__TO DO__. Write out the full listing again. Make no alterations.

——

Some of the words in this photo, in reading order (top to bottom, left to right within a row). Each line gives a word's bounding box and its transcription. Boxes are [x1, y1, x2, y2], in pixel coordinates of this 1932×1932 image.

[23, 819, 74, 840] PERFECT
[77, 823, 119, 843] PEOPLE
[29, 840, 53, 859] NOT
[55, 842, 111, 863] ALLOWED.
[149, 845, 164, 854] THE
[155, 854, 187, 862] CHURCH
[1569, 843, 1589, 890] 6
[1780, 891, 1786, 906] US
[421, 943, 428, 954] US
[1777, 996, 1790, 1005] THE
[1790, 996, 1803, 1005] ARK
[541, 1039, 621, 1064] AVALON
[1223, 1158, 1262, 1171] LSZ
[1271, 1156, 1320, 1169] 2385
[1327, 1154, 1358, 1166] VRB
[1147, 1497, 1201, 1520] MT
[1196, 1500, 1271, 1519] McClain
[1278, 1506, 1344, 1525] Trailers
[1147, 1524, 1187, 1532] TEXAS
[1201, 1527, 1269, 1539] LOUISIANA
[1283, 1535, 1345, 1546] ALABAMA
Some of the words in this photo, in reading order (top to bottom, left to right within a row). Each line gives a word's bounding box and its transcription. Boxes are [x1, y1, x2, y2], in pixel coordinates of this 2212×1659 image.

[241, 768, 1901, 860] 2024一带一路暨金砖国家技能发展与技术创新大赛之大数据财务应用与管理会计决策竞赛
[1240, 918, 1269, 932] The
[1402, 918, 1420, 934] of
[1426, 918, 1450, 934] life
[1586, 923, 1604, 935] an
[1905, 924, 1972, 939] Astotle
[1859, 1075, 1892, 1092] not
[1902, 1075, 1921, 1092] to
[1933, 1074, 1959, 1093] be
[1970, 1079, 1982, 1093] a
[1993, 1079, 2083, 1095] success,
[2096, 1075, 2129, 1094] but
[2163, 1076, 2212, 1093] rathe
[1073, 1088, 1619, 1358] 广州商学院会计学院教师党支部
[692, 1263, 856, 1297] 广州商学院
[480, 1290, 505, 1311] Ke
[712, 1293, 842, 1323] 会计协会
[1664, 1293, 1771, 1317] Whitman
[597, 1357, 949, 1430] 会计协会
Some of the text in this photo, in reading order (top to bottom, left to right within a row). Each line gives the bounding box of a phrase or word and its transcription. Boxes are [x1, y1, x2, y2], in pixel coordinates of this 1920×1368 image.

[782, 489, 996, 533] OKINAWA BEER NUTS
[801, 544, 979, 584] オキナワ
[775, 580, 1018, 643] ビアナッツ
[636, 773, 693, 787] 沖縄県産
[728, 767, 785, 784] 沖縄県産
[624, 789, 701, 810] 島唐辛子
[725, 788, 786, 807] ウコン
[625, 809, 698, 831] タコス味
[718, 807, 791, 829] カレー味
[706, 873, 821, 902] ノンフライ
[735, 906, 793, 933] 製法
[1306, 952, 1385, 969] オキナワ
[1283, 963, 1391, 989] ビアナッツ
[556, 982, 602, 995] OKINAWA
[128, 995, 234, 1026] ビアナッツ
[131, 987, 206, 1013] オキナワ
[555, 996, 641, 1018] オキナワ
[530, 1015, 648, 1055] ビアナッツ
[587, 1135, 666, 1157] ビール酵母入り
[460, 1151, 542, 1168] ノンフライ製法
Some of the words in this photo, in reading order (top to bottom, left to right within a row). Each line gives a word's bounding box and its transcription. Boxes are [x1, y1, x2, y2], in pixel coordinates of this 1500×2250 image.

——

__EXERCISE RESPONSE__.
Some of the words in this photo, in reading order (top to bottom, left to right within a row). Each line gives a word's bounding box and its transcription. Boxes are [x1, y1, x2, y2], in pixel coordinates of this 1932×1932 image.

[23, 819, 74, 840] PERFECT
[77, 823, 119, 843] PEOPLE
[29, 840, 53, 859] NOT
[55, 842, 111, 863] ALLOWED.
[149, 845, 164, 854] THE
[155, 854, 187, 862] CHURCH
[1569, 843, 1589, 890] 6
[1780, 891, 1786, 906] US
[421, 943, 428, 954] US
[1777, 996, 1790, 1005] THE
[1790, 996, 1803, 1005] ARK
[541, 1039, 621, 1064] AVALON
[1223, 1158, 1262, 1171] LSZ
[1271, 1156, 1320, 1169] 2385
[1327, 1154, 1358, 1166] VRB
[1147, 1497, 1201, 1520] MT
[1196, 1500, 1271, 1519] McClain
[1278, 1506, 1344, 1525] Trailers
[1147, 1524, 1187, 1532] TEXAS
[1201, 1527, 1269, 1539] LOUISIANA
[1283, 1535, 1345, 1546] ALABAMA
Some of the words in this photo, in reading order (top to bottom, left to right within a row). Each line gives a word's bounding box and its transcription. Boxes are [x1, y1, x2, y2], in pixel coordinates of this 2212×1659 image.

[241, 768, 1901, 860] 2024一带一路暨金砖国家技能发展与技术创新大赛之大数据财务应用与管理会计决策竞赛
[1240, 918, 1269, 932] The
[1402, 918, 1420, 934] of
[1426, 918, 1450, 934] life
[1586, 923, 1604, 935] an
[1905, 924, 1972, 939] Astotle
[1859, 1075, 1892, 1092] not
[1902, 1075, 1921, 1092] to
[1933, 1074, 1959, 1093] be
[1970, 1079, 1982, 1093] a
[1993, 1079, 2083, 1095] success,
[2096, 1075, 2129, 1094] but
[2163, 1076, 2212, 1093] rathe
[1073, 1088, 1619, 1358] 广州商学院会计学院教师党支部
[692, 1263, 856, 1297] 广州商学院
[480, 1290, 505, 1311] Ke
[712, 1293, 842, 1323] 会计协会
[1664, 1293, 1771, 1317] Whitman
[597, 1357, 949, 1430] 会计协会
Some of the text in this photo, in reading order (top to bottom, left to right within a row). Each line gives the bounding box of a phrase or word and its transcription. Boxes are [x1, y1, x2, y2], in pixel coordinates of this 1920×1368 image.

[782, 489, 996, 533] OKINAWA BEER NUTS
[801, 544, 979, 584] オキナワ
[775, 580, 1018, 643] ビアナッツ
[636, 773, 693, 787] 沖縄県産
[728, 767, 785, 784] 沖縄県産
[624, 789, 701, 810] 島唐辛子
[725, 788, 786, 807] ウコン
[625, 809, 698, 831] タコス味
[718, 807, 791, 829] カレー味
[706, 873, 821, 902] ノンフライ
[735, 906, 793, 933] 製法
[1306, 952, 1385, 969] オキナワ
[1283, 963, 1391, 989] ビアナッツ
[556, 982, 602, 995] OKINAWA
[128, 995, 234, 1026] ビアナッツ
[131, 987, 206, 1013] オキナワ
[555, 996, 641, 1018] オキナワ
[530, 1015, 648, 1055] ビアナッツ
[587, 1135, 666, 1157] ビール酵母入り
[460, 1151, 542, 1168] ノンフライ製法
Some of the words in this photo, in reading order (top to bottom, left to right within a row). Each line gives a word's bounding box and its transcription. Boxes are [x1, y1, x2, y2], in pixel coordinates of this 1500×2250 image.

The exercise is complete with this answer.